Smothered Chicken Recipe

The history of smothered chicken dates back to the early days of Southern cooking in the United States. This traditional dish was commonly made by African American cooks during the era of slavery and has since become a staple in Southern cuisine. Smothered chicken gets its name from the cooking method, where the chicken is essentially "smothered" in a rich and flavorful gravy.
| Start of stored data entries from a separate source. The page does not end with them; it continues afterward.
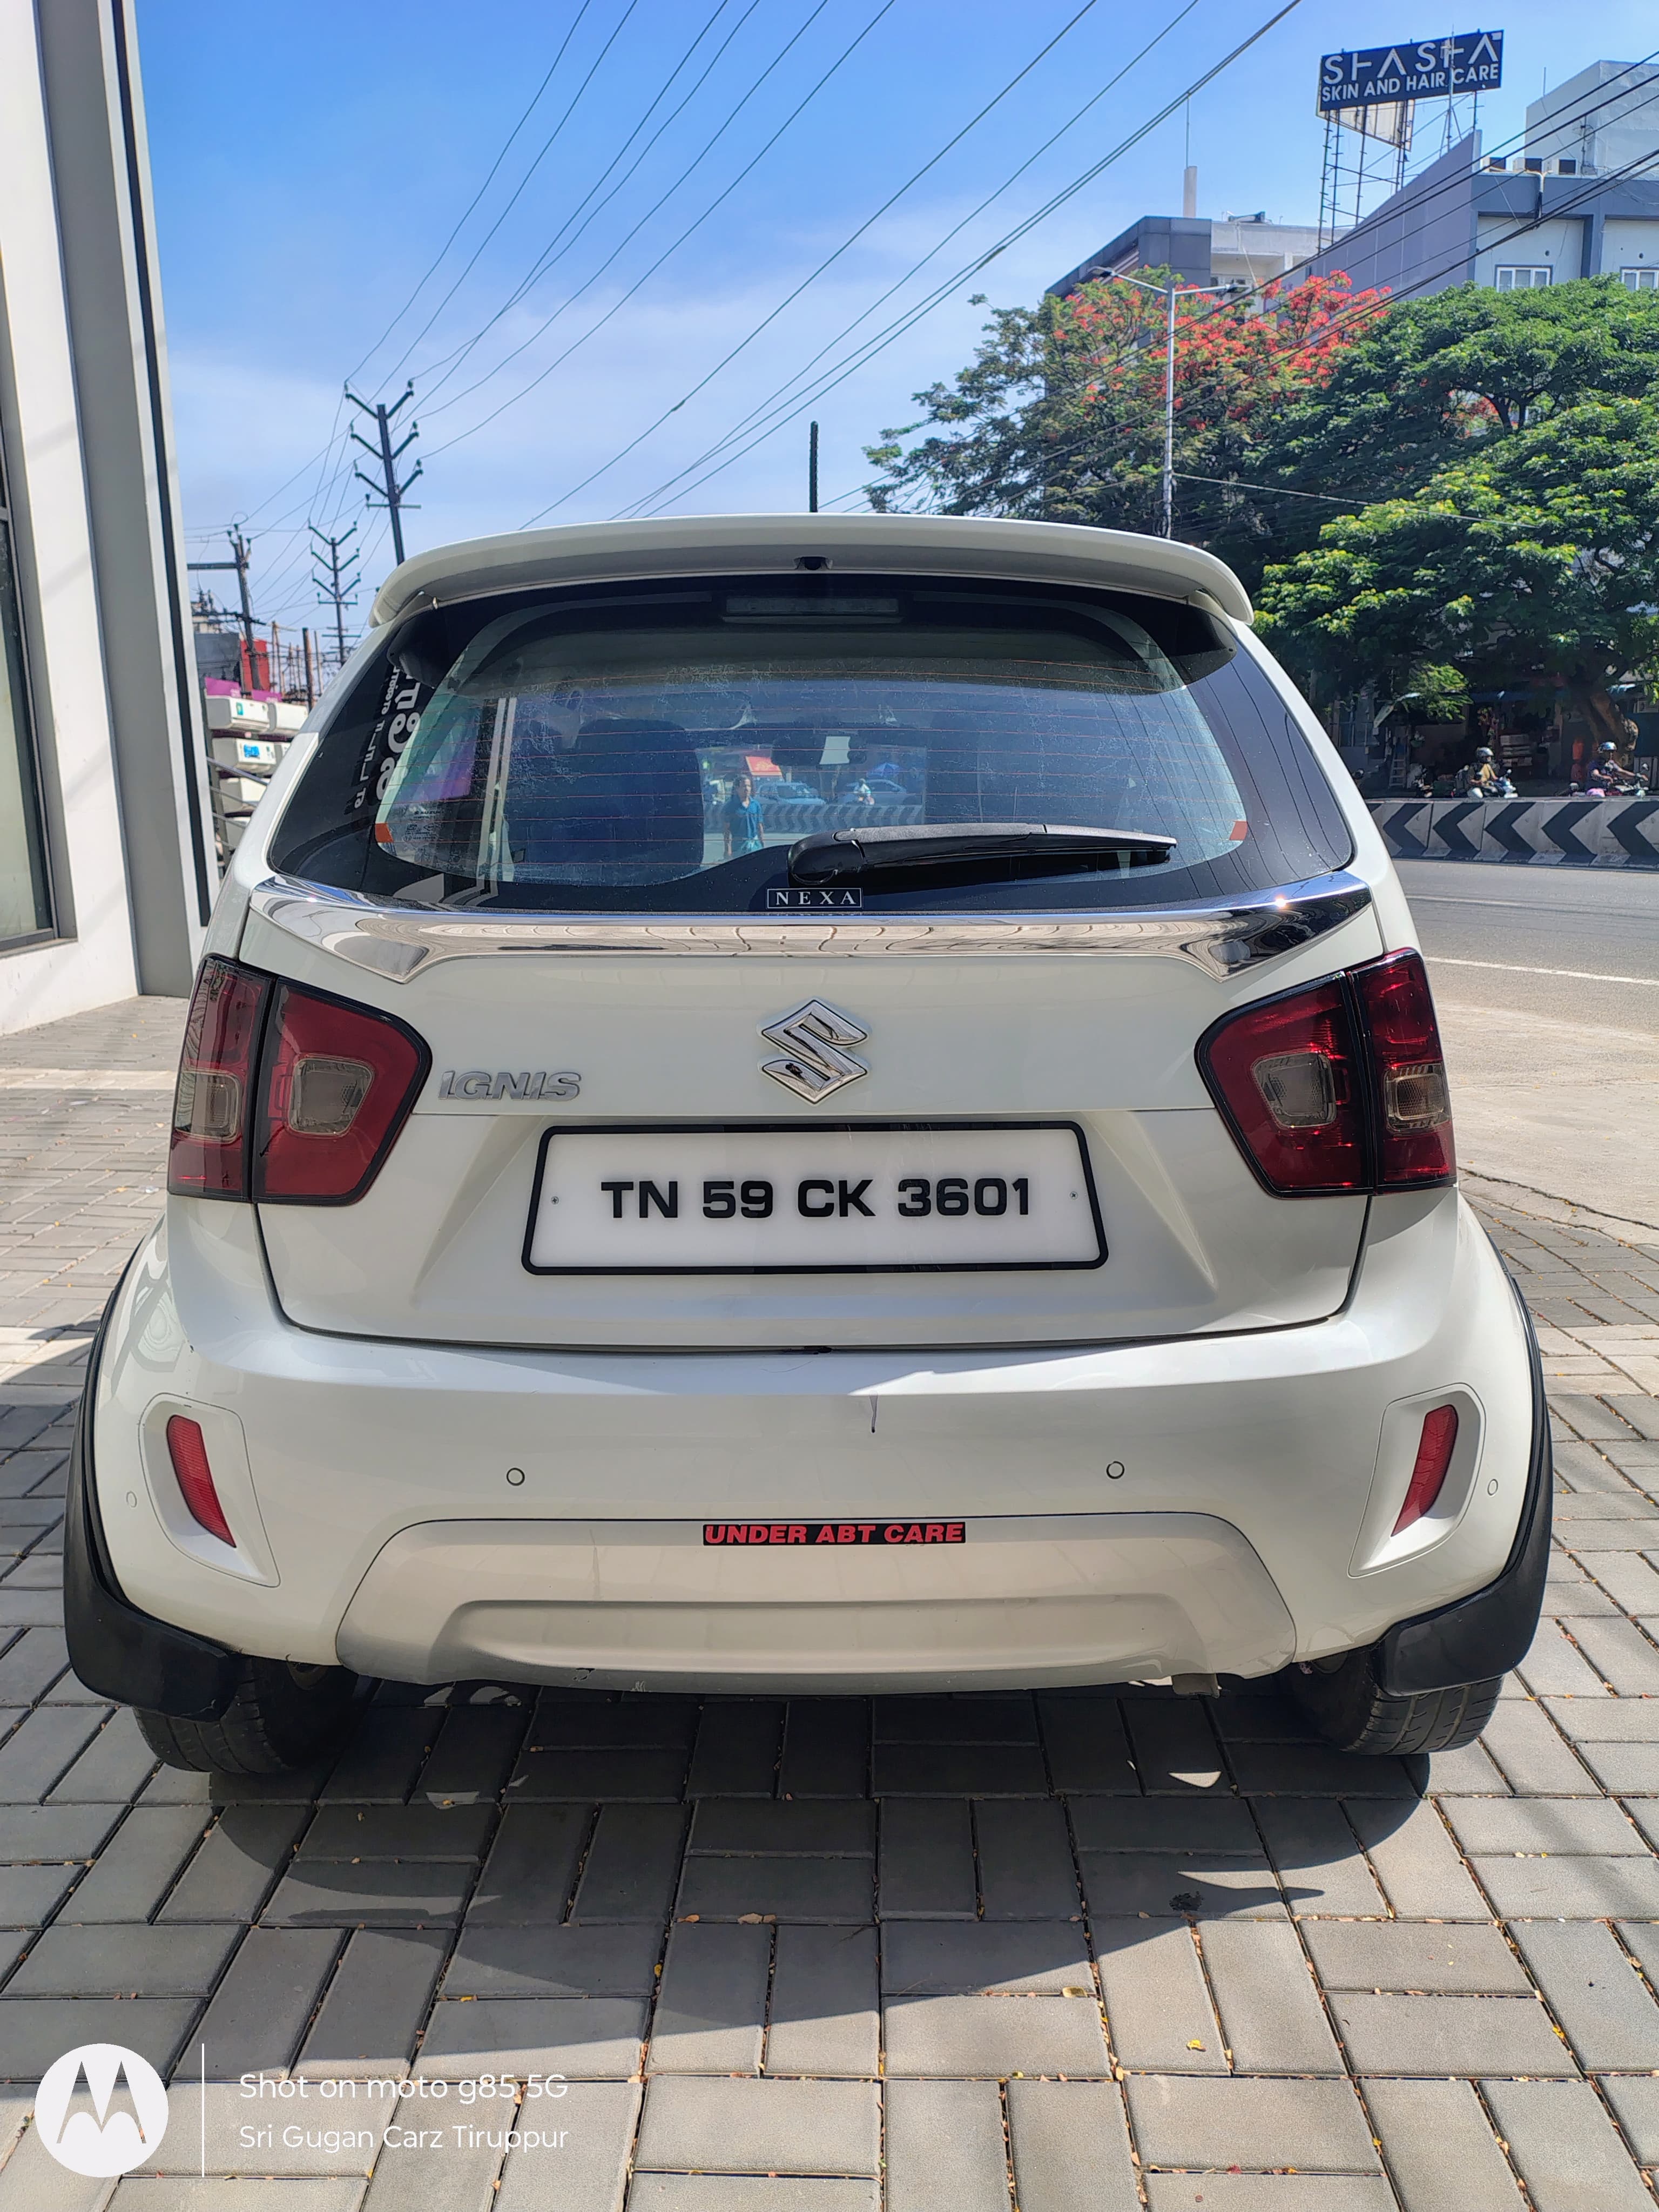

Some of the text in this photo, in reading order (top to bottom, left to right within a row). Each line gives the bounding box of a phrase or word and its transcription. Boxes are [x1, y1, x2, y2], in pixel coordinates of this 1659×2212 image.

[1321, 64, 1499, 102] SKIN AND HAIR CARE
[775, 891, 857, 905] NEXA
[438, 1070, 582, 1102] IGNIS
[601, 1178, 1029, 1219] TN 59 CK 3601
[705, 1524, 963, 1543] UNDER ABT CARE
It is a dish that exudes comfort and is often served with classic Southern sides like mashed potatoes, green beans, or cornbread.

Now, let's dive into a delicious recipe for smothered chicken.

- 2 (3-4 lb) tender chickens, cut in half and split down the back
- Salt and pepper to taste
- 1 stalk of celery, finely chopped
- 1 medium onion, finely chopped
- All-purpose flour for dusting
- Cooking fat (such as vegetable oil or bacon fat)
- 2 cups of hot water
- 1 tablespoon all-purpose flour
- Cold water for thinning flour
- 1 tablespoon minced fresh parsley
- 1 cup of strong chicken stock
- 1 can of mushrooms, broiled


1. Start by generously salting the chicken pieces and letting them drain in a colander for a few minutes. This step helps remove excess moisture from the chicken and ensures better browning.

2. Preheat your oven to a high temperature, around 425°F (220°C). Grease the bottom of a baking pan with cooking fat to prevent sticking.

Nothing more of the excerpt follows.